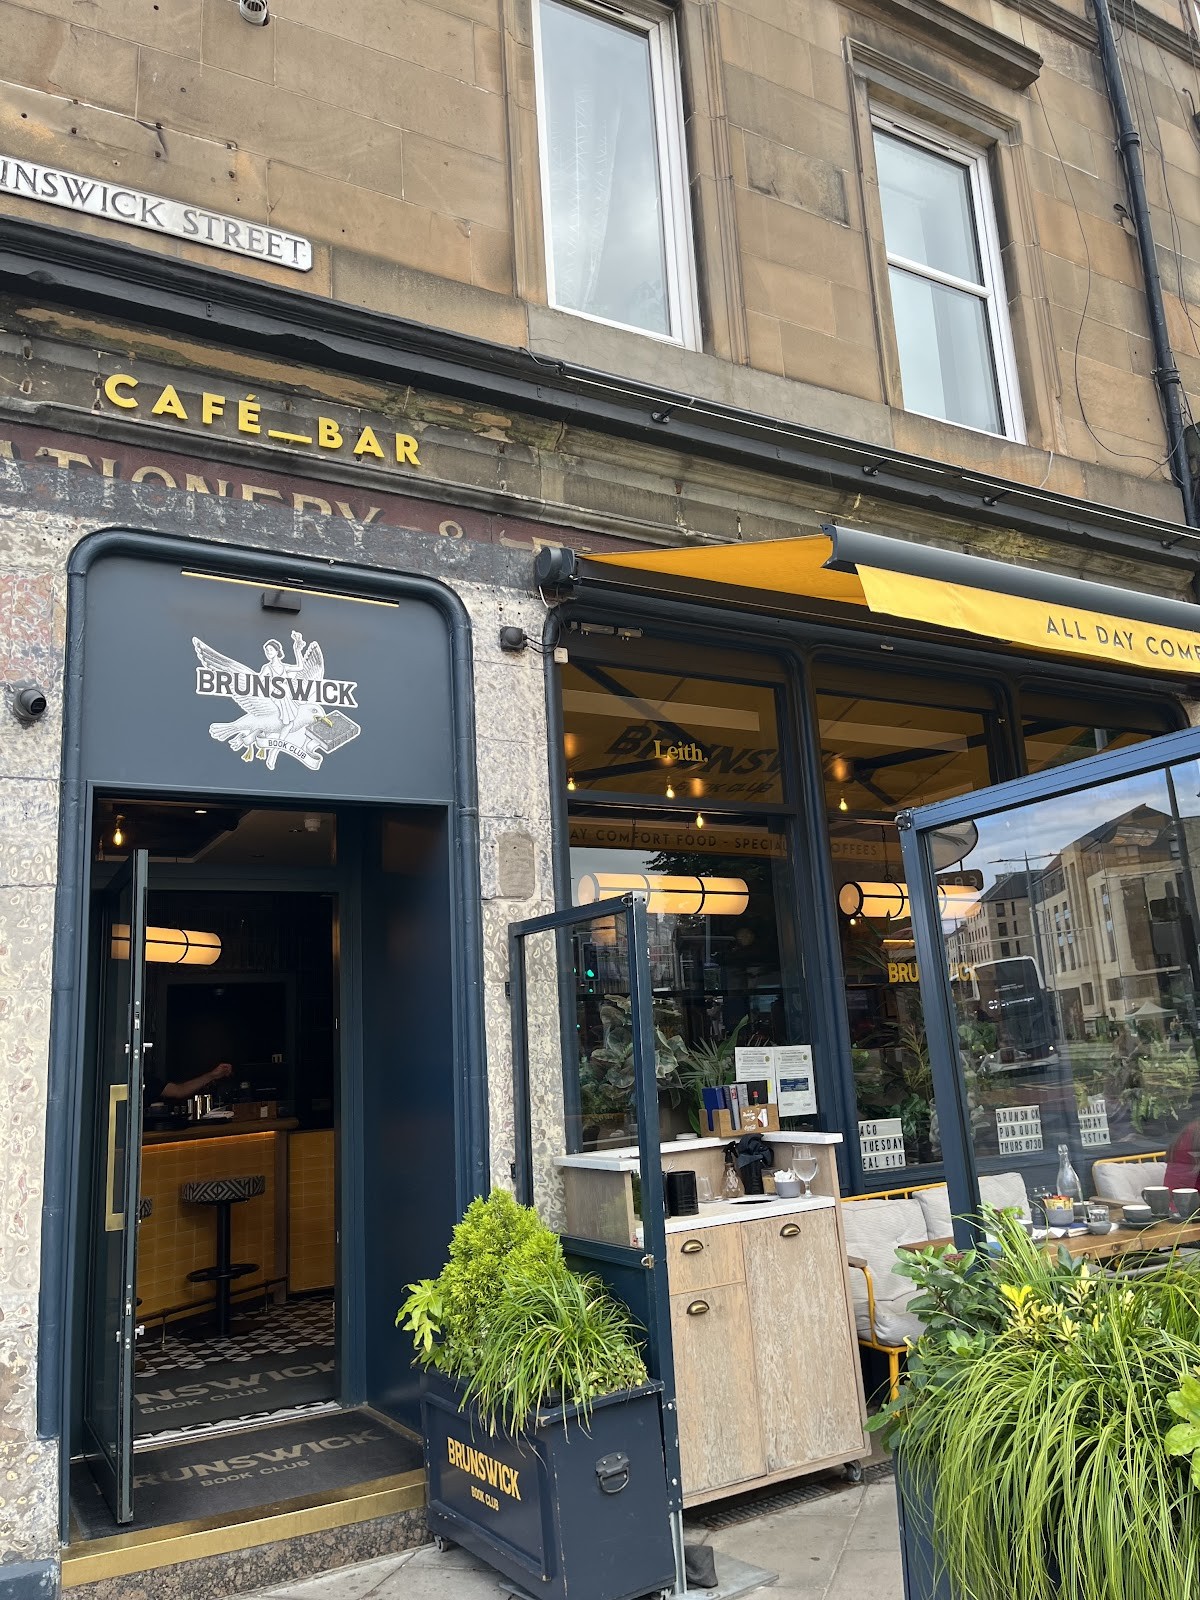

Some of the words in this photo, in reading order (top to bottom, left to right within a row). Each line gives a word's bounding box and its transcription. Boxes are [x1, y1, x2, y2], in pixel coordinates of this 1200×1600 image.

[182, 209, 306, 264] STREET
[1046, 616, 1087, 640] ALL
[1096, 625, 1133, 650] DAY
[197, 669, 357, 706] BRUNSWICK
[268, 739, 289, 749] BOOK
[289, 746, 307, 759] CLUB
[653, 739, 709, 763] Leith.
[596, 829, 670, 846] COMFORT
[676, 833, 717, 847] FOOD
[999, 1125, 1016, 1138] PUB
[1019, 1123, 1039, 1136] QUIZ
[863, 1137, 904, 1153] TUESDAY
[1000, 1141, 1023, 1154] THURS
[885, 1154, 903, 1166] £10
[140, 1399, 203, 1415] BOOK
[209, 1387, 270, 1402] CLUB
[200, 1472, 254, 1488] BOOK
[259, 1459, 311, 1476] CLUB
[447, 1436, 522, 1501] BRUNSWICK
[470, 1485, 486, 1503] BOOK
[484, 1493, 500, 1512] CLUB
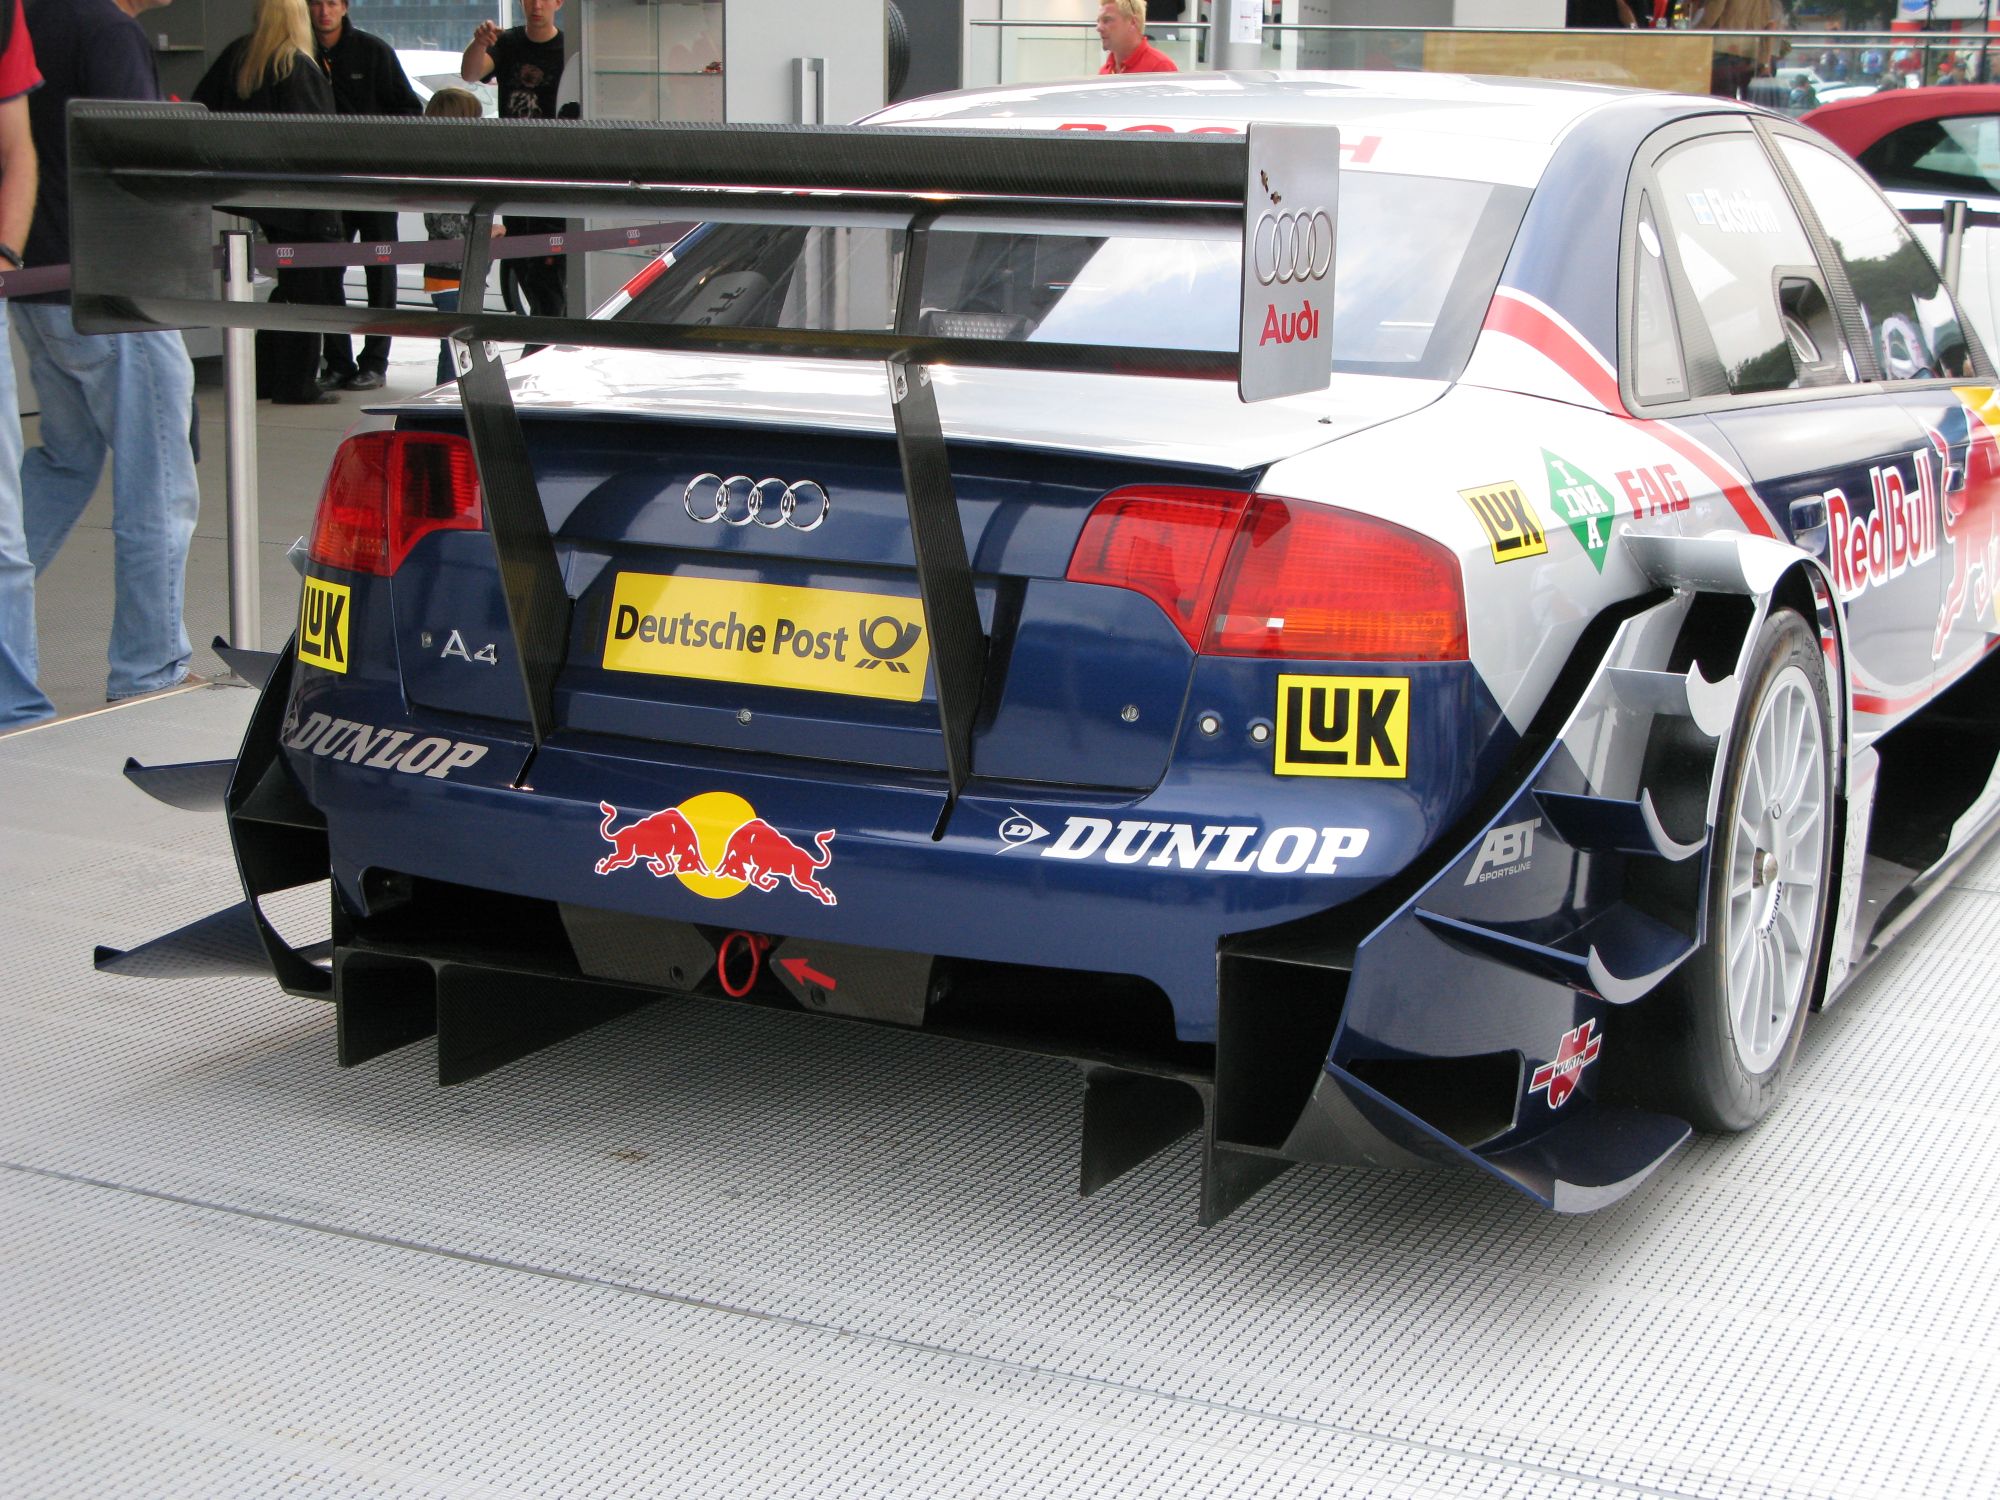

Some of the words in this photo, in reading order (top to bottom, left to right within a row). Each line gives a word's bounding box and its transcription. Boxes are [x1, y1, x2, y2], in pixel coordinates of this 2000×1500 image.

[1259, 299, 1319, 347] Audi
[1614, 463, 1690, 520] FAG
[1825, 467, 1887, 595] Red
[1883, 448, 1935, 576] Bull
[440, 629, 498, 666] A4
[614, 603, 767, 653] Deutsche
[772, 617, 850, 662] Post
[288, 711, 489, 780] DUNLOP
[1040, 816, 1370, 875] DUNLOP
[1463, 817, 1542, 886] ABT
[1479, 860, 1532, 883] SPORTSLINE
[1766, 881, 1782, 934] RACING

☆ ☆ ☆ ☆ ☆ ☆ ☆

(WHAT TO WORK ON):
Produce an exact repeat of the lines from the one containing "this 2000×1500 image." through the last line of the data, and nothing more.

(ANSWER SPACE):
Some of the words in this photo, in reading order (top to bottom, left to right within a row). Each line gives a word's bounding box and its transcription. Boxes are [x1, y1, x2, y2], in pixel coordinates of this 2000×1500 image.

[1259, 299, 1319, 347] Audi
[1614, 463, 1690, 520] FAG
[1825, 467, 1887, 595] Red
[1883, 448, 1935, 576] Bull
[440, 629, 498, 666] A4
[614, 603, 767, 653] Deutsche
[772, 617, 850, 662] Post
[288, 711, 489, 780] DUNLOP
[1040, 816, 1370, 875] DUNLOP
[1463, 817, 1542, 886] ABT
[1479, 860, 1532, 883] SPORTSLINE
[1766, 881, 1782, 934] RACING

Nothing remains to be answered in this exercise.